WHAT THE TASK REQUIRES: Where an entry holds an image, skip the image but reproduce the rest word for word.

DATASET EXCERPTS:
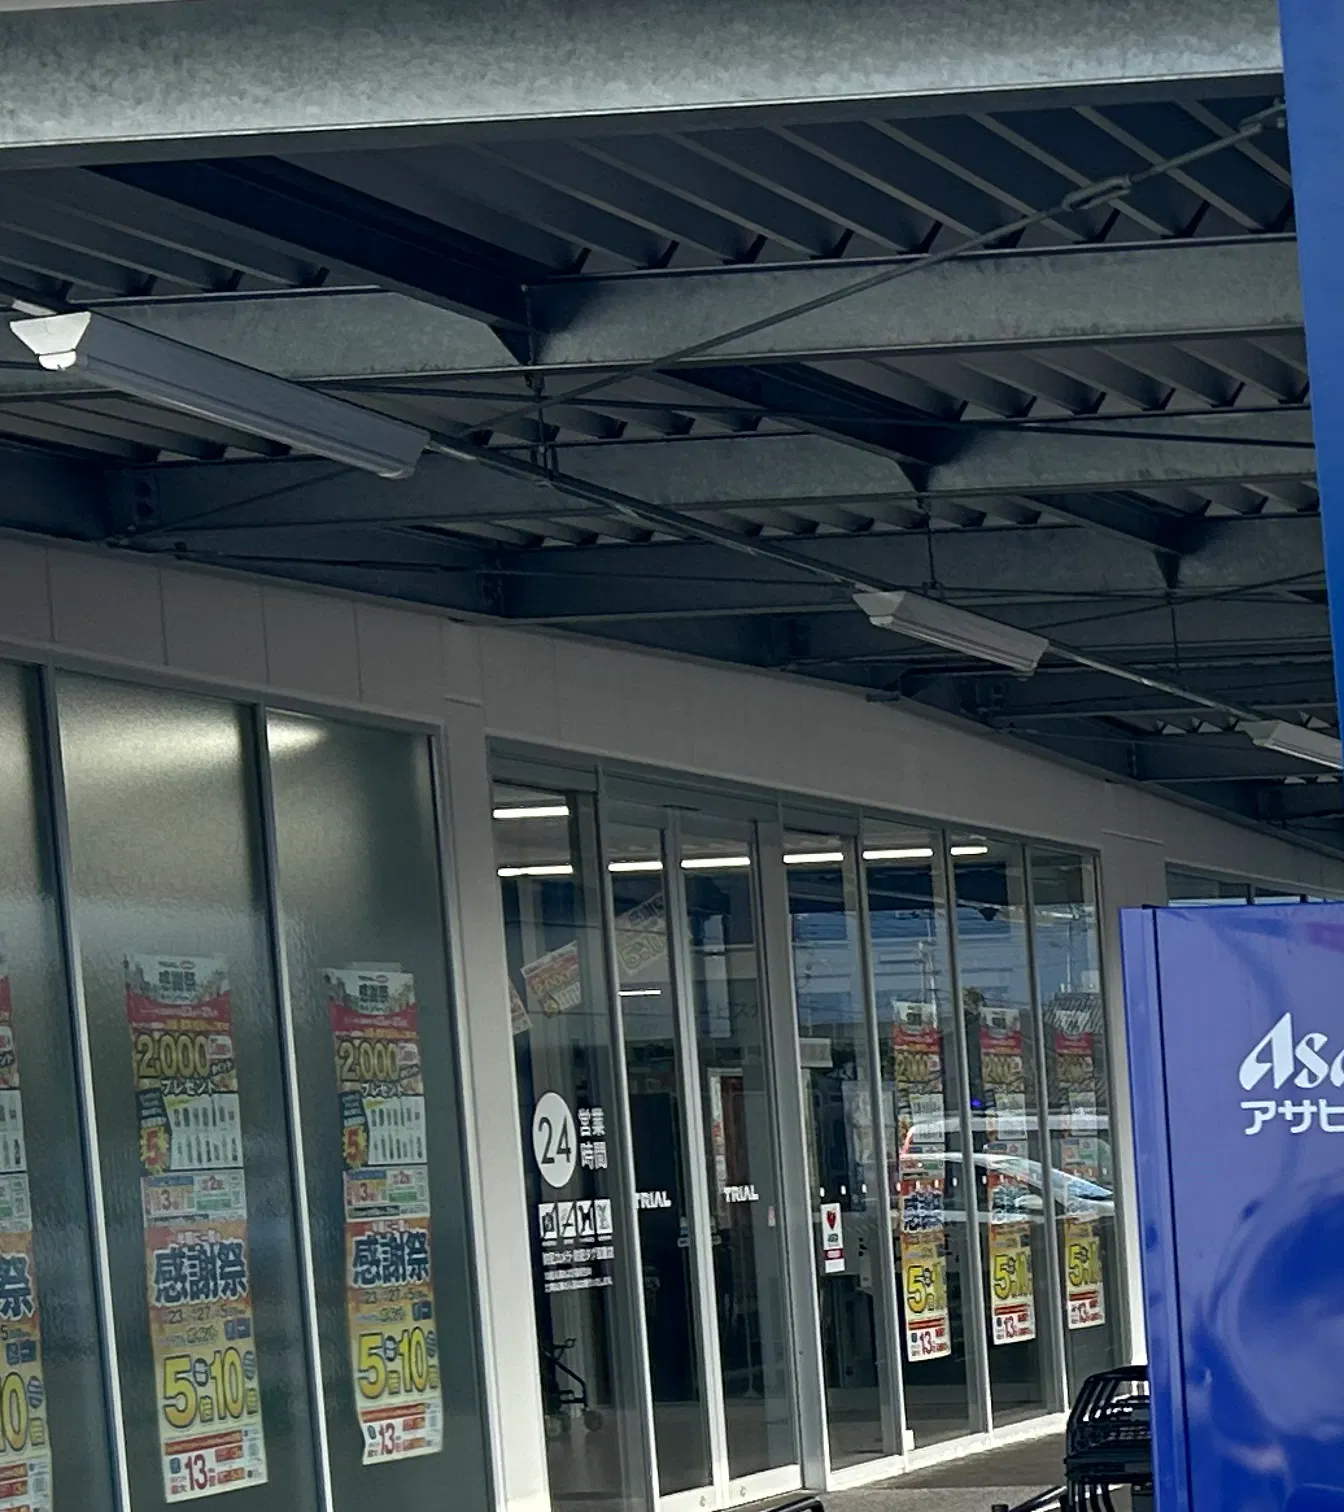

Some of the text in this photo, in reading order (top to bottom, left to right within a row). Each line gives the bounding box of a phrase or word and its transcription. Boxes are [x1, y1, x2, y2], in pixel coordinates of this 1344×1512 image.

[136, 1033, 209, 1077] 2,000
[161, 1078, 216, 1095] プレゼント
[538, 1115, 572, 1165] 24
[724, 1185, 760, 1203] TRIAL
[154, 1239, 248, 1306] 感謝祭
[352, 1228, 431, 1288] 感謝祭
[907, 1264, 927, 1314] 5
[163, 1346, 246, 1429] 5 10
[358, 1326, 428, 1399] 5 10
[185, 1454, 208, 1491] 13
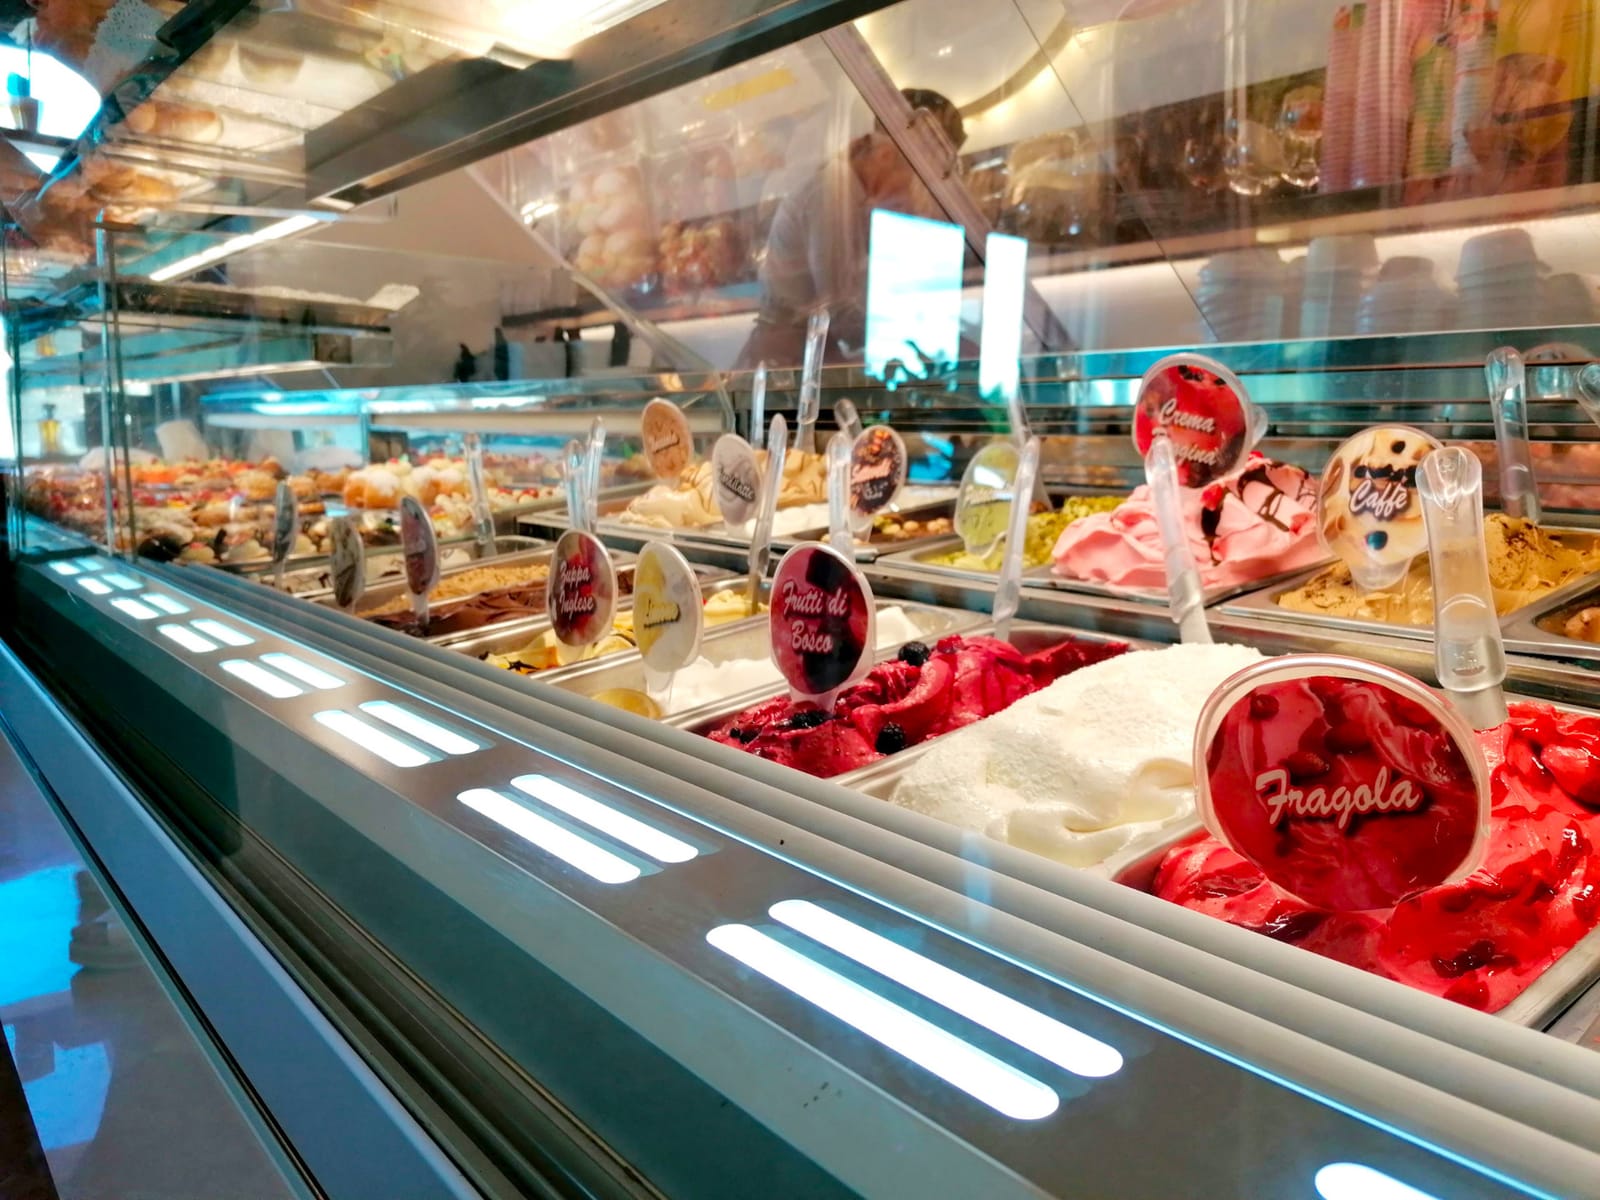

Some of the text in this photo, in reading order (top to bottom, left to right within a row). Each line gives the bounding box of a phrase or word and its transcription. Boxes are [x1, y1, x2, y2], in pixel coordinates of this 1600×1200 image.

OUTPUT BELOW:
Some of the text in this photo, in reading order (top to bottom, left to right within a row). Each line gives the bounding box of a phrase or word and its transcription. Boxes are [x1, y1, x2, y2], in pixel coordinates of this 1344×1512 image.

[136, 1033, 209, 1077] 2,000
[161, 1078, 216, 1095] プレゼント
[538, 1115, 572, 1165] 24
[724, 1185, 760, 1203] TRIAL
[154, 1239, 248, 1306] 感謝祭
[352, 1228, 431, 1288] 感謝祭
[907, 1264, 927, 1314] 5
[163, 1346, 246, 1429] 5 10
[358, 1326, 428, 1399] 5 10
[185, 1454, 208, 1491] 13

Some of the text in this photo, in reading order (top to bottom, left to right within a row). Each line gives the bounding box of a phrase or word and its transcription. Boxes are [x1, y1, x2, y2], in pixel coordinates of this 1600×1200 image.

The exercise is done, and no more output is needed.